Records from a dataset:
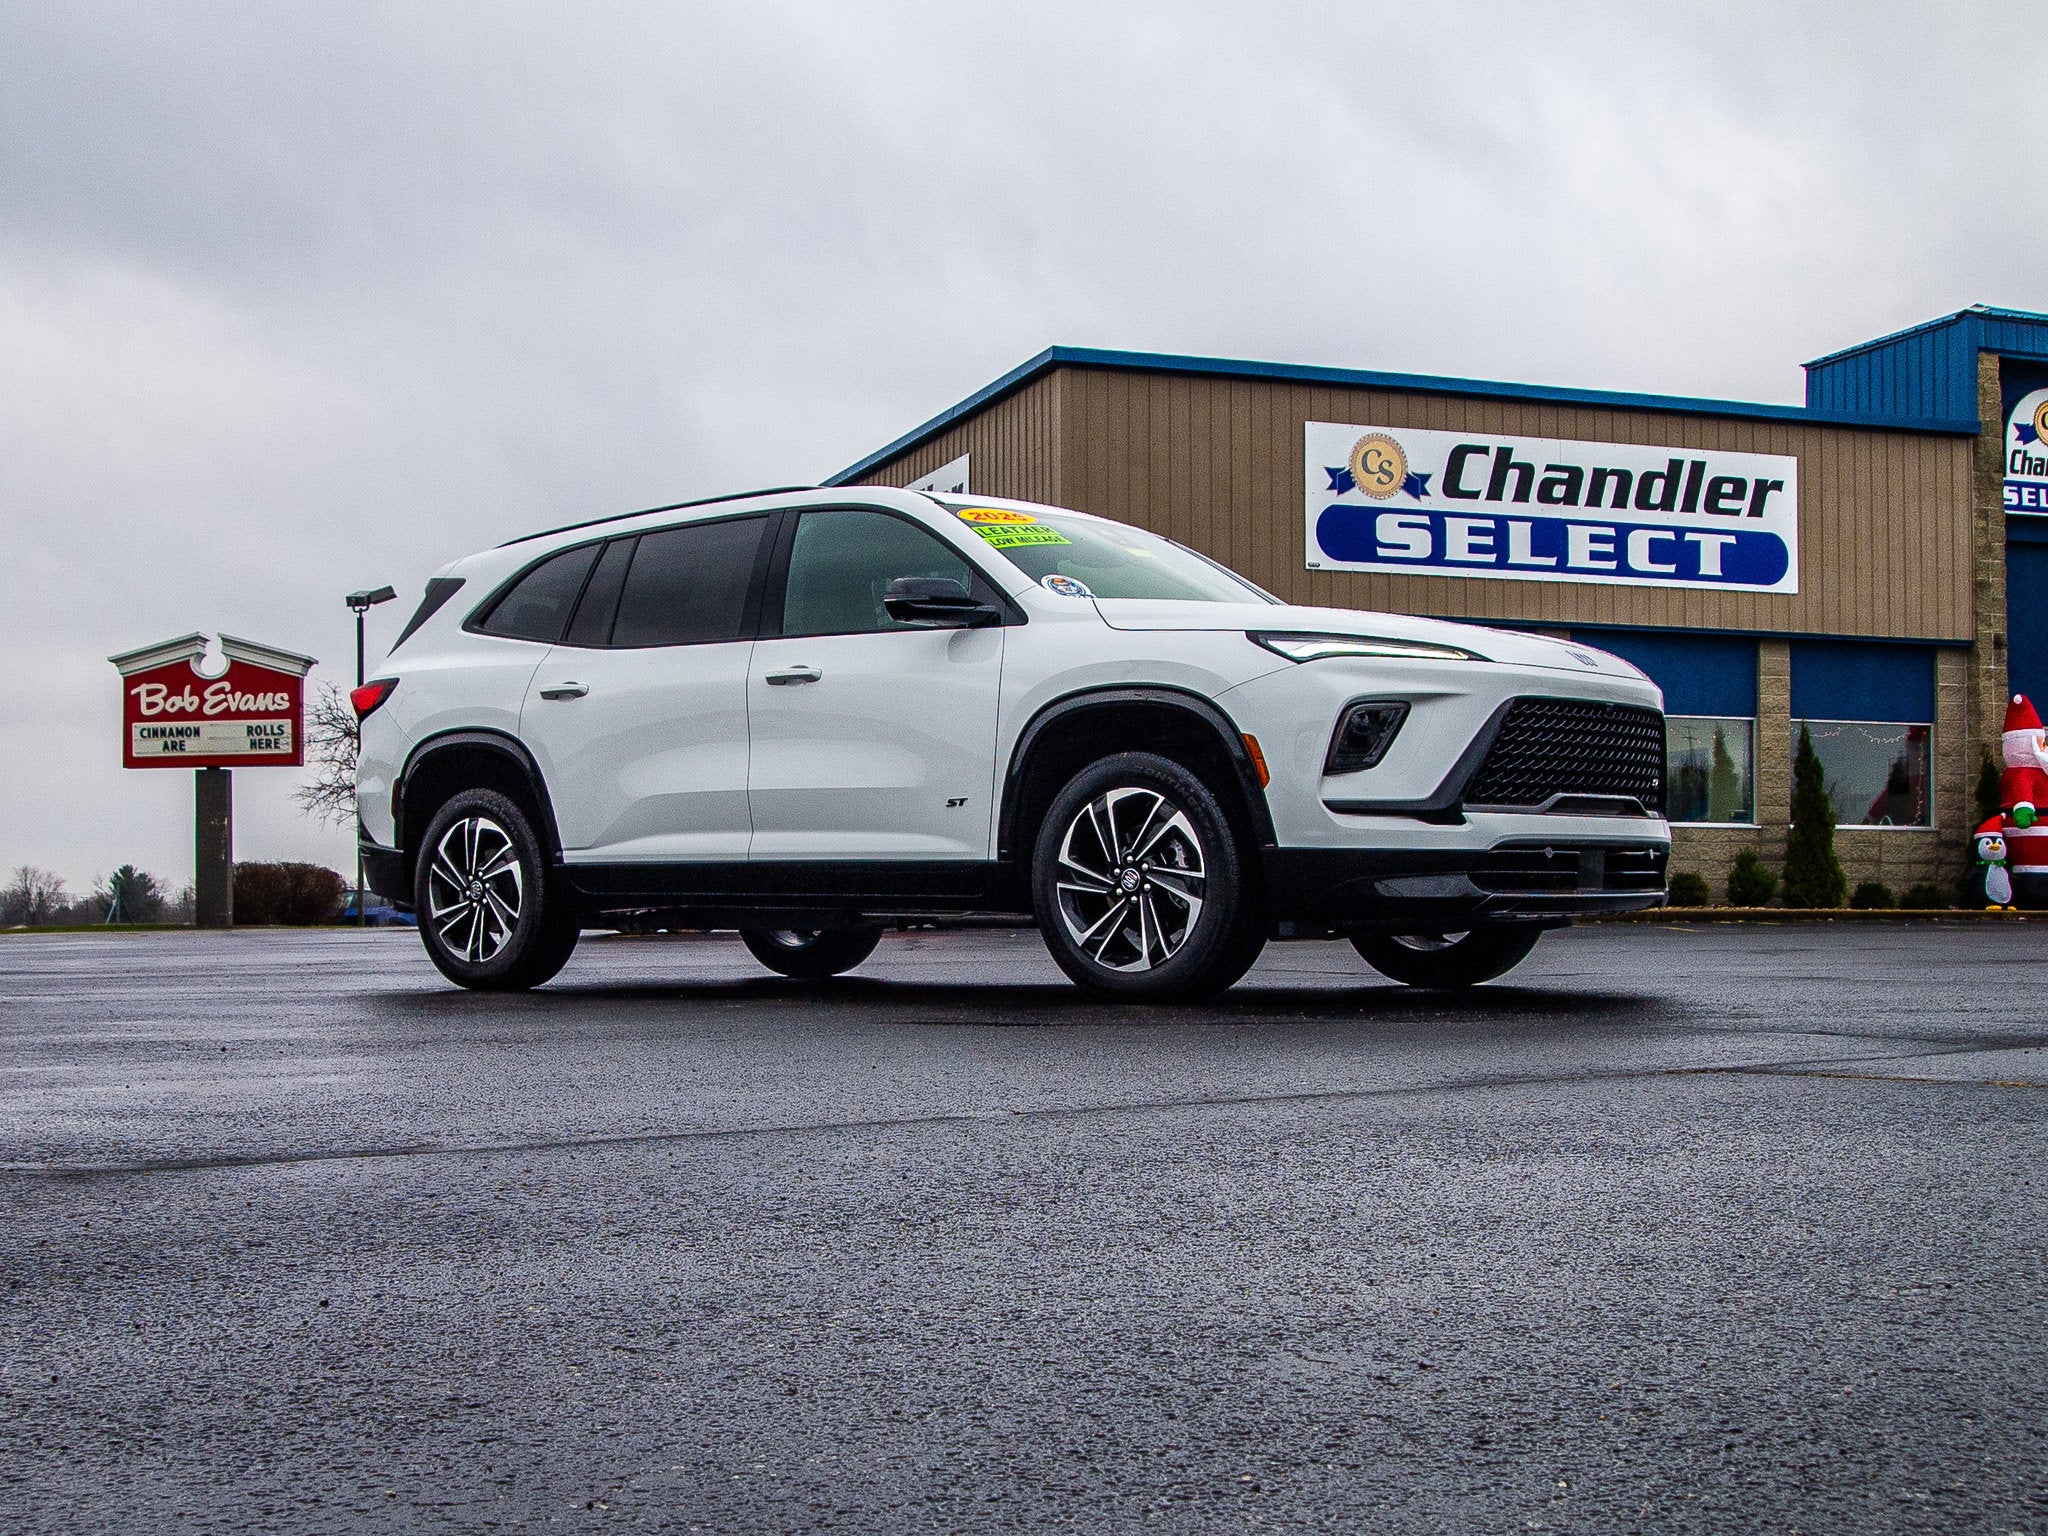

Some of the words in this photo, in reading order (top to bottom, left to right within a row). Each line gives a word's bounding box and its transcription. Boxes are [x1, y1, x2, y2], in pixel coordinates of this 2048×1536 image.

[1361, 448, 1394, 485] CS
[1441, 443, 1784, 518] Chandler
[978, 525, 1056, 537] LEATHER
[990, 536, 1016, 546] LOW
[1016, 534, 1064, 544] MILEAGE
[1375, 513, 1737, 576] SELECT
[131, 683, 199, 716] Bob
[203, 681, 290, 715] Evans
[139, 726, 200, 739] CINNAMON
[246, 724, 285, 736] ROLLS
[162, 739, 186, 751] ARE
[249, 737, 281, 750] HERE
[946, 797, 968, 807] ST
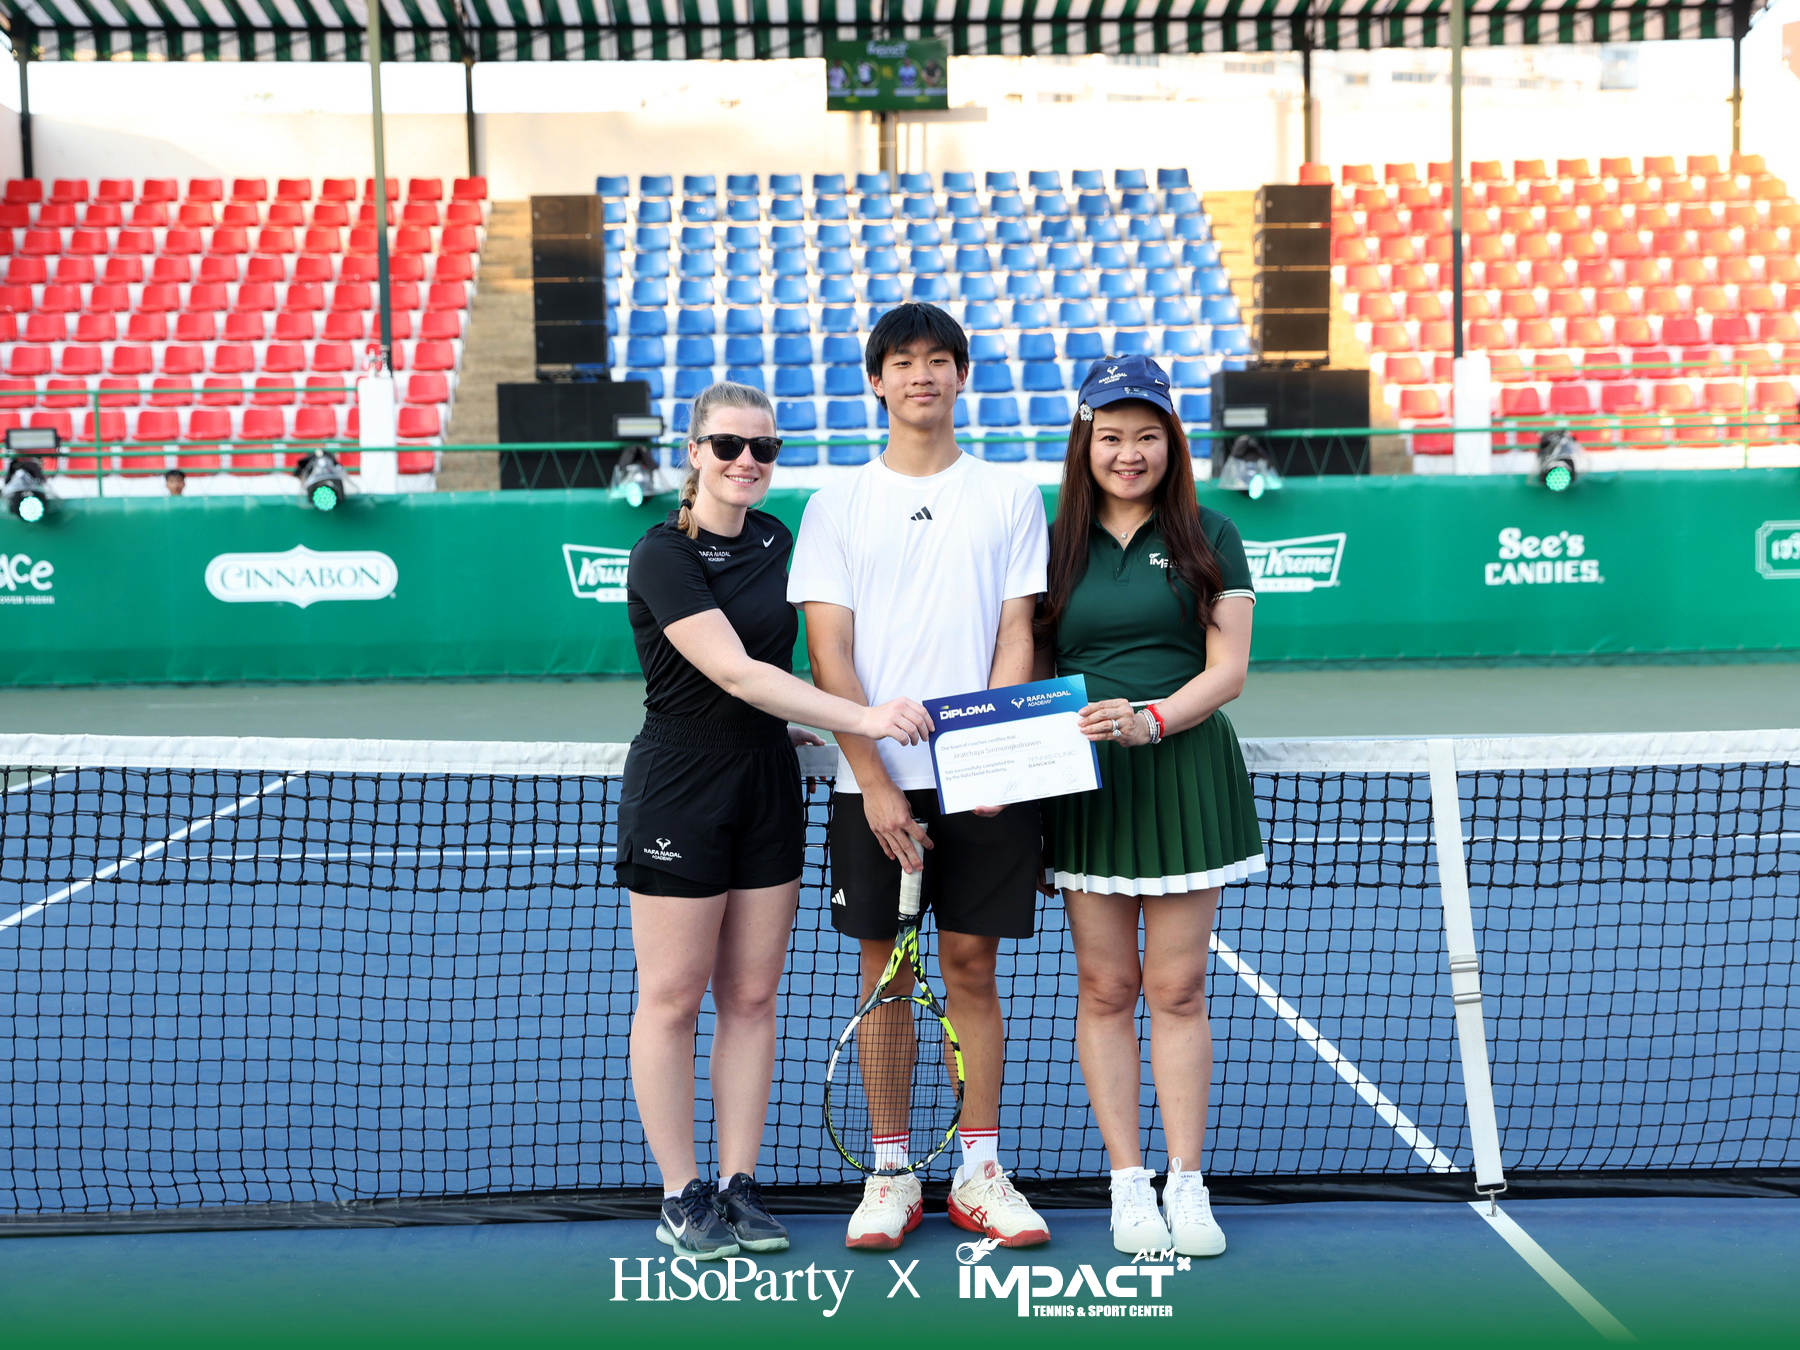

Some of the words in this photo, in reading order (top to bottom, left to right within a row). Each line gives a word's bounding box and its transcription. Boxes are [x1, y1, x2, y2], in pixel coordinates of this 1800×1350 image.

[1498, 527, 1585, 559] See's
[220, 565, 381, 592] CINNABON
[1484, 560, 1600, 586] CANDIES
[1027, 699, 1052, 708] ACADEMY
[1046, 690, 1071, 699] NADAL
[939, 703, 996, 720] DIPLOMA
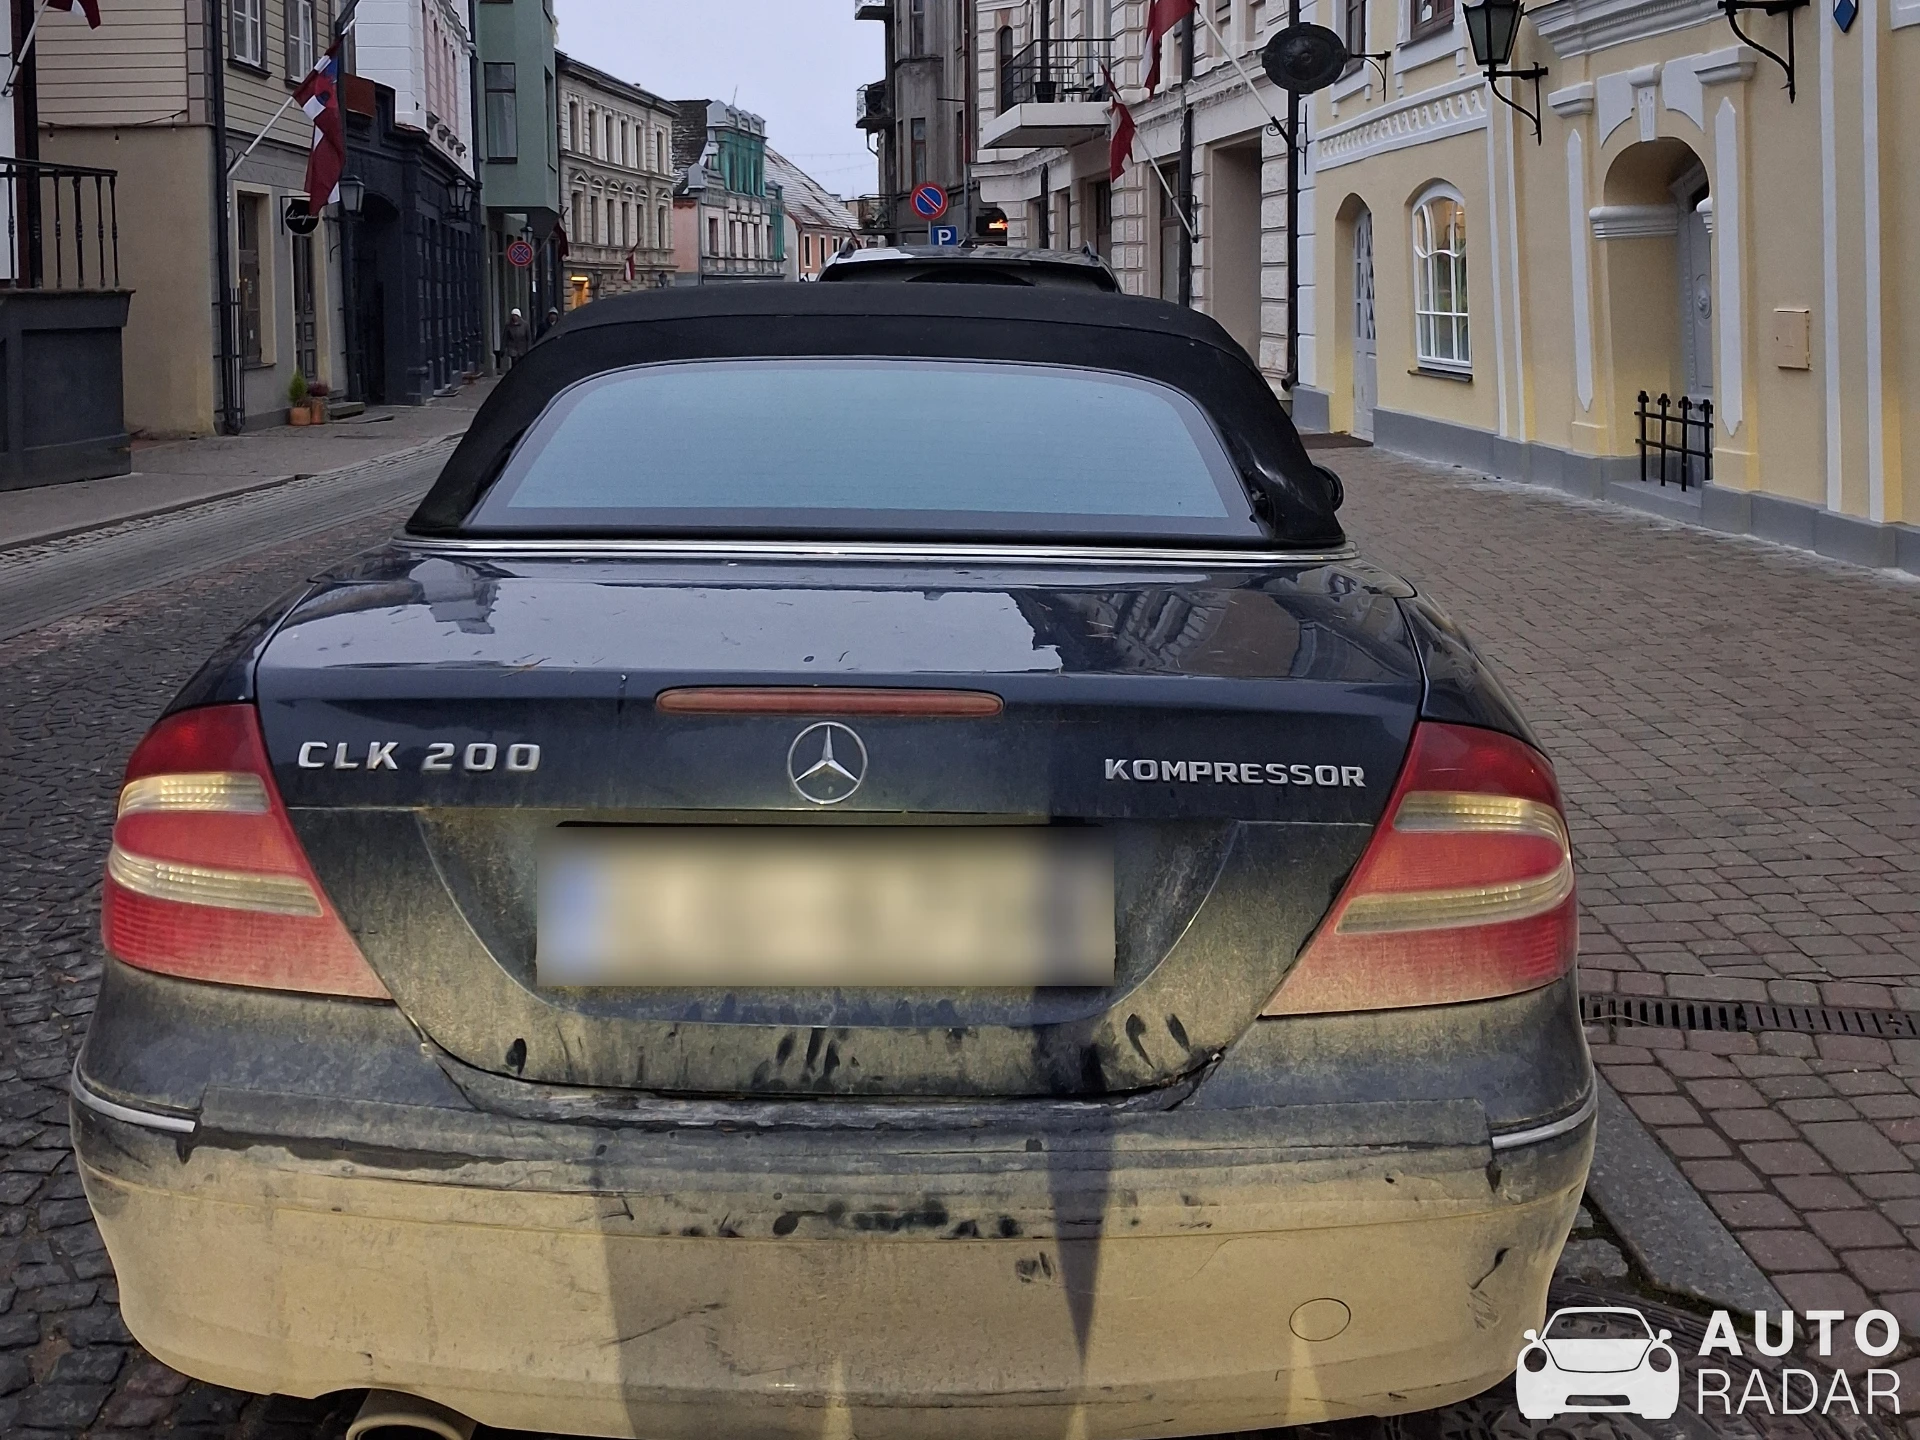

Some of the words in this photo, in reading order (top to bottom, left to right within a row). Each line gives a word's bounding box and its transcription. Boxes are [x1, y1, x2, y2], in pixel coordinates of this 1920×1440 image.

[938, 229, 952, 246] P
[298, 741, 399, 771] CLK
[421, 742, 541, 772] 200
[1104, 758, 1367, 788] KOMPRESSOR

Work required: Go through the entries and retype each one exactly, skipping any image.

Exercise solution:
Some of the words in this photo, in reading order (top to bottom, left to right within a row). Each line gives a word's bounding box and its transcription. Boxes are [x1, y1, x2, y2], in pixel coordinates of this 2048×1536 image.

[1361, 448, 1394, 485] CS
[1441, 443, 1784, 518] Chandler
[978, 525, 1056, 537] LEATHER
[990, 536, 1016, 546] LOW
[1016, 534, 1064, 544] MILEAGE
[1375, 513, 1737, 576] SELECT
[131, 683, 199, 716] Bob
[203, 681, 290, 715] Evans
[139, 726, 200, 739] CINNAMON
[246, 724, 285, 736] ROLLS
[162, 739, 186, 751] ARE
[249, 737, 281, 750] HERE
[946, 797, 968, 807] ST

Some of the words in this photo, in reading order (top to bottom, left to right within a row). Each line gives a word's bounding box and its transcription. Boxes are [x1, y1, x2, y2], in pixel coordinates of this 1800×1350 image.

[1498, 527, 1585, 559] See's
[220, 565, 381, 592] CINNABON
[1484, 560, 1600, 586] CANDIES
[1027, 699, 1052, 708] ACADEMY
[1046, 690, 1071, 699] NADAL
[939, 703, 996, 720] DIPLOMA

Some of the words in this photo, in reading order (top to bottom, left to right within a row). Each line gives a word's bounding box and its transcription. Boxes are [x1, y1, x2, y2], in pixel coordinates of this 1920×1440 image.

[938, 229, 952, 246] P
[298, 741, 399, 771] CLK
[421, 742, 541, 772] 200
[1104, 758, 1367, 788] KOMPRESSOR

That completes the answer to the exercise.